Left, red and green silk embroidery, with green/white caddas trim; right, English shirt embroidery, 1620

The records of the government levy of kerne made in 1544-45 for service in France and Scotland show that it was the custom to advance a payment of forty shillings to newly recruited kerne to buy them silk and saffron; “Wise was charged with Lord Power’s kerne, and had delivered to each of them 40s. to buy them silk and saffron. The figure is interesting, as a year later St. Leger remarked that he thought his brother Robert was the only one who supplied troops upon his own costs, ‘for the rest raised upon the country 40s. for every kerne’.” (26)


This traditional payment was still in place when another government levy was made in 1586, for Stanley’s expedition to the Low Countries. According to Deputy Perrot, Stanley’s levy included 500 kerne, so it is interesting to read; “Stanley was paid 40s. as ‘impress’ (an advance payment) per man to carry out the levy,”(27) A print of an Irish soldier by Caspar Rutz, printed at Amsterdam in 1588, and thought to represent one of Stanley’s kerne, has him wearing a leine. It seems possible that even at this late date, the 40s. was intended to buy silk and saffron, just as in Henry VIII’s day.
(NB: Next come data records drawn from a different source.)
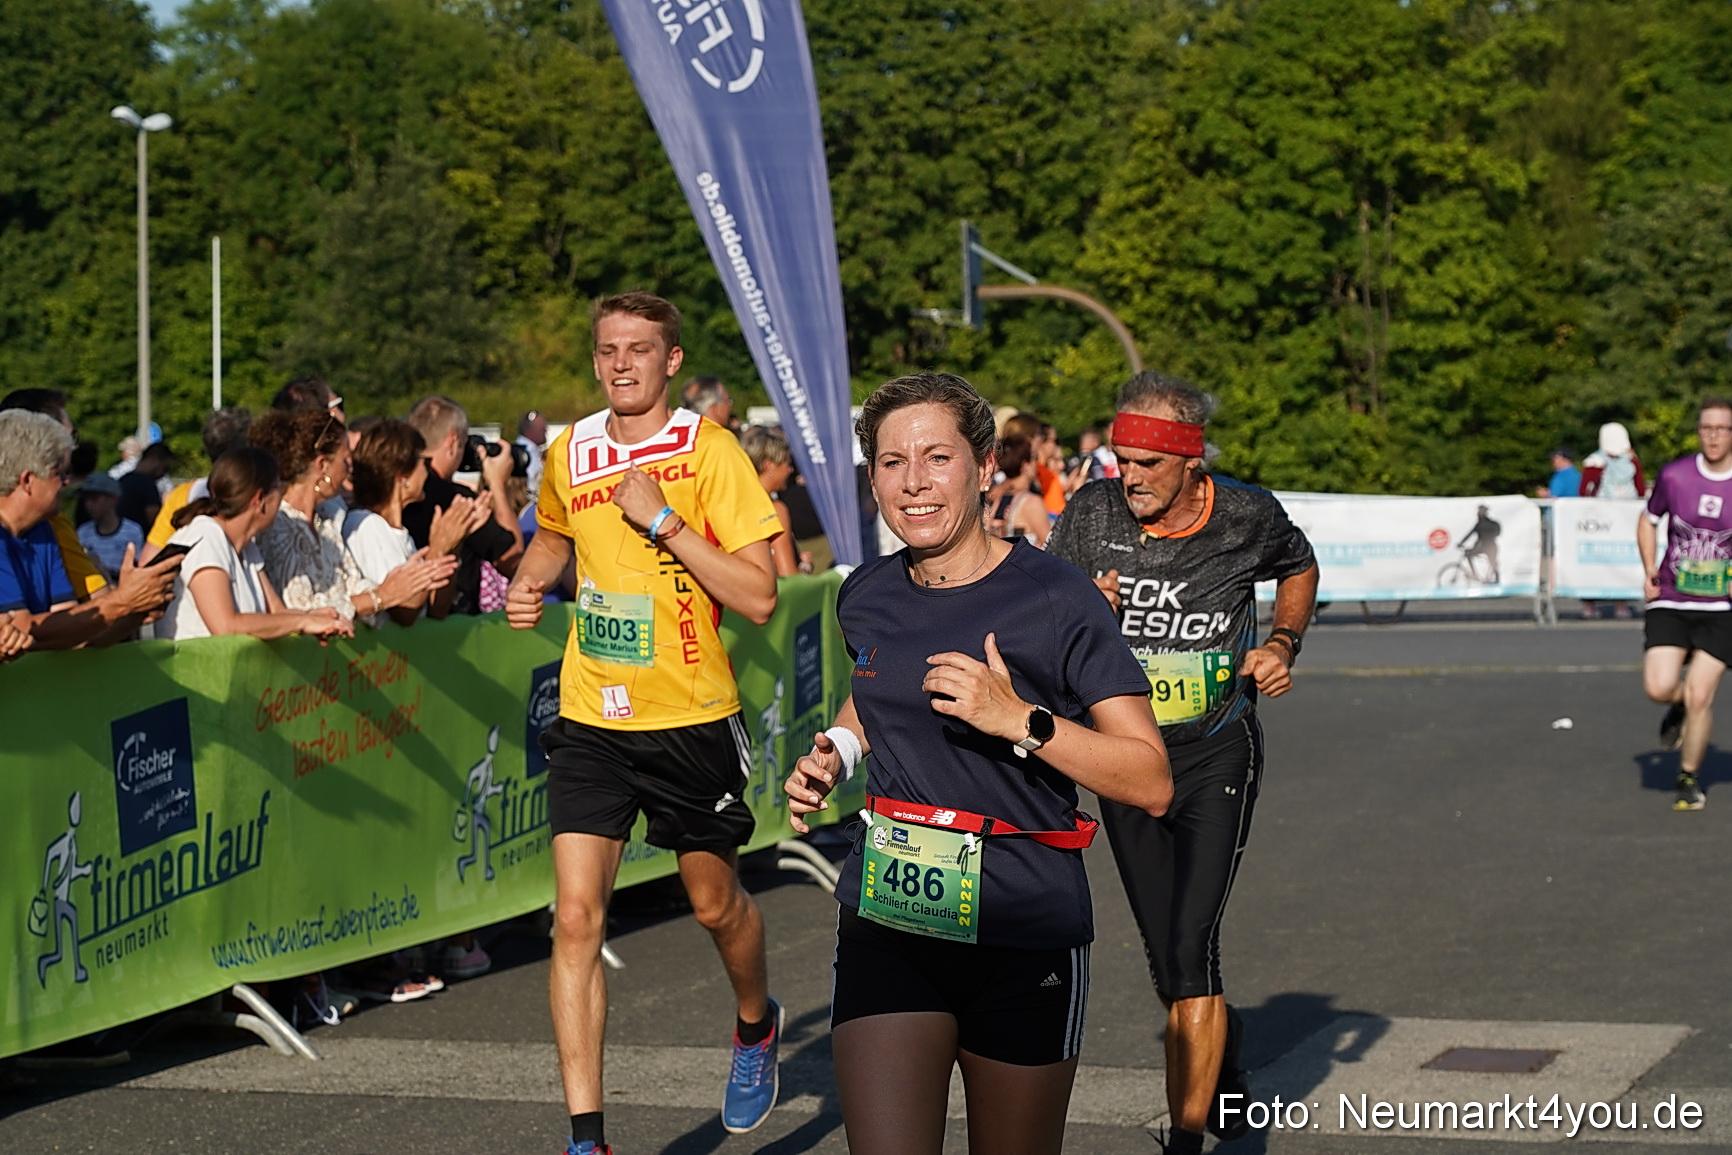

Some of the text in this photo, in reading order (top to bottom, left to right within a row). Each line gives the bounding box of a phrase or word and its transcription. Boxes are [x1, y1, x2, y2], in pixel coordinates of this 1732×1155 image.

[647, 462, 696, 482] ÖGL
[1097, 570, 1188, 609] ECK
[585, 612, 637, 642] 1603
[639, 623, 649, 657] 2022
[1121, 610, 1231, 640] ESIGN
[610, 642, 638, 652] Marius
[256, 651, 409, 732] Gesunde Firmen
[1191, 682, 1202, 711] 2022
[292, 684, 422, 779] laufen länger!
[128, 747, 177, 782] Fischer
[502, 776, 550, 842] firm
[902, 811, 926, 821] balance
[91, 790, 271, 934] firmenlauf
[866, 861, 876, 898] RUN
[883, 858, 945, 902] 486
[873, 889, 958, 920] Schlierf Claudia
[959, 878, 973, 927] 2022
[96, 912, 169, 968] neumarkt
[212, 884, 420, 968] www.firmenlauf-oberpfalz.de
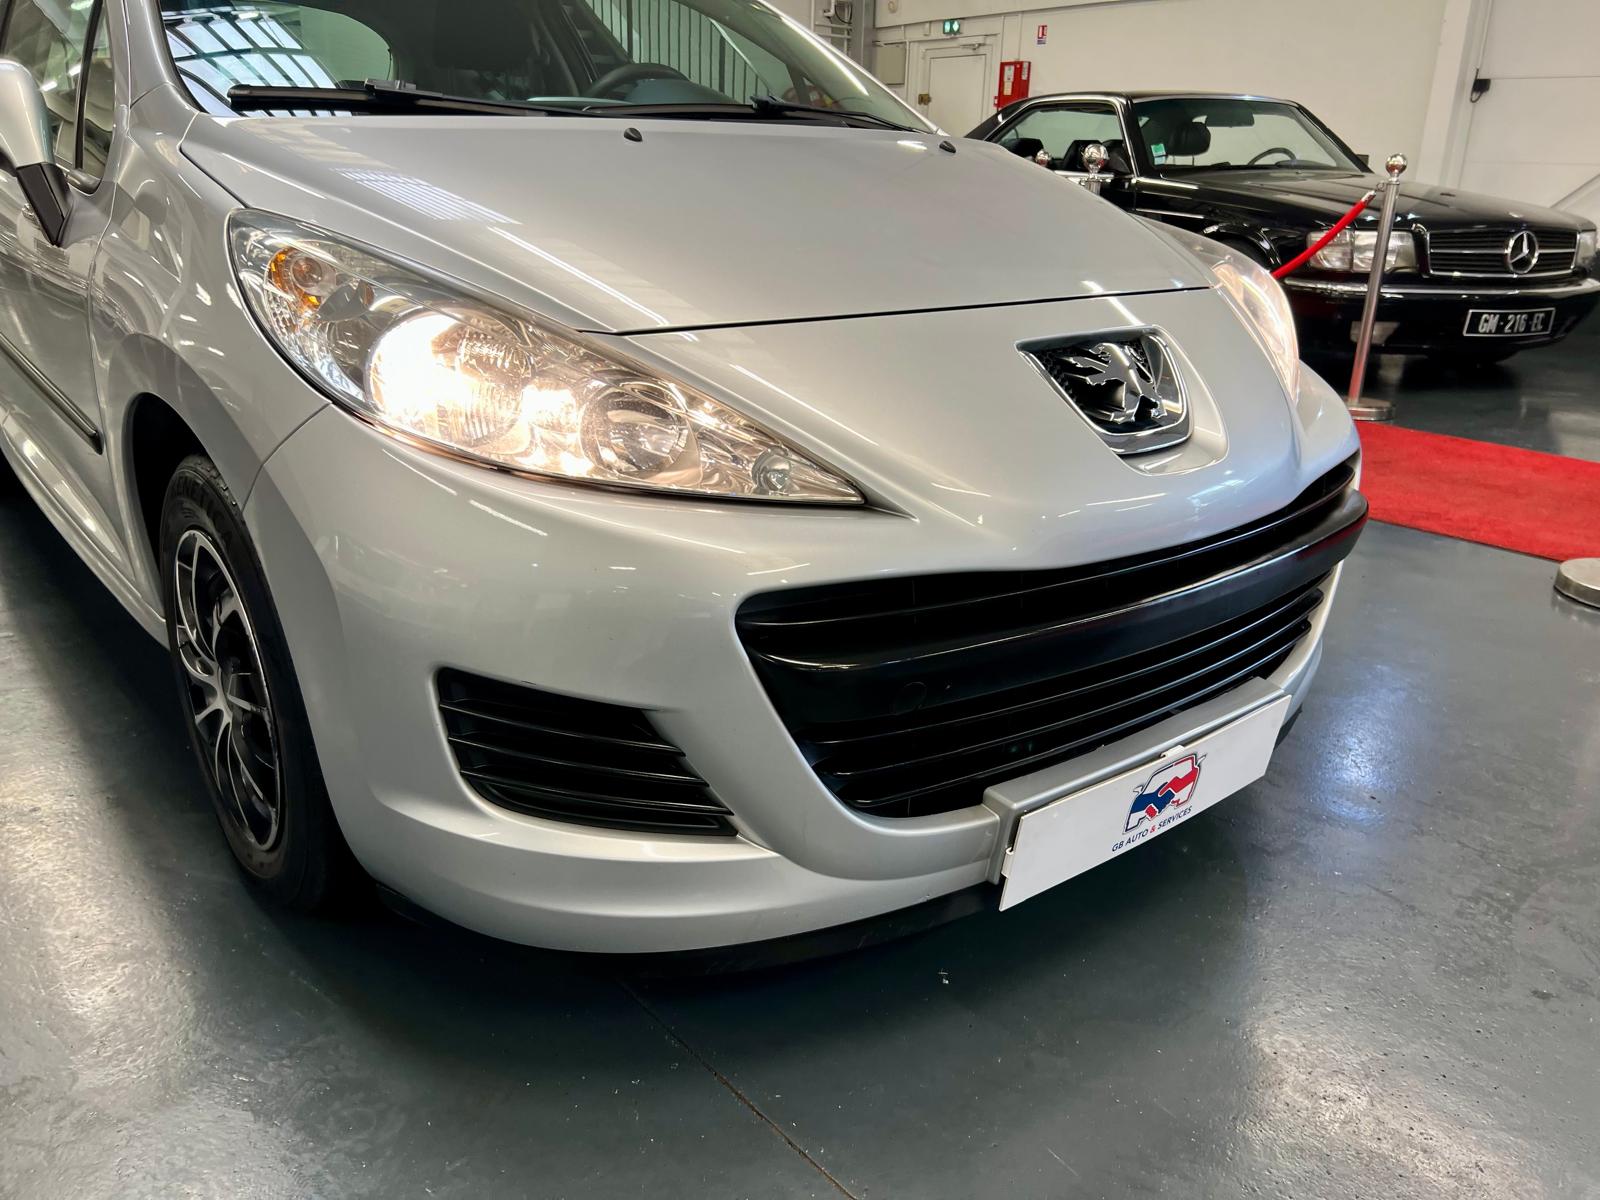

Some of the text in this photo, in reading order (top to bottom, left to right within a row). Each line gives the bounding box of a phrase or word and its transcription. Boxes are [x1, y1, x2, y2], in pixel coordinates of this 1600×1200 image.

[1111, 806, 1192, 852] GB AUTO & SERVICES
Saffron and silk are often associated in references, as when a jury in October 1537 found Cahir McMorrough Kavanaugh “. . . did take from one Thomas Roche of ye said town, silk, saffron, and ready money to ye valew of 40s . . . ”(28) This combination of silk and saffron appears also in reports of the activities of Aodh O Bierne of Wicklow, father of the famous Feach Mac Aodh: “In that year (1548) he made a hostile demonstration by ‘eating meat’ together with sixty kerne at Boystown. (J.R.S.A.I. lxiii, p. 234) Shortly afterwards he was reported to have gone to Cahir McArte Kavanagh, with whom he agreed to make a prey, and with it to get silk, saffron and cloth in Kilkenny (ibid.).”(29)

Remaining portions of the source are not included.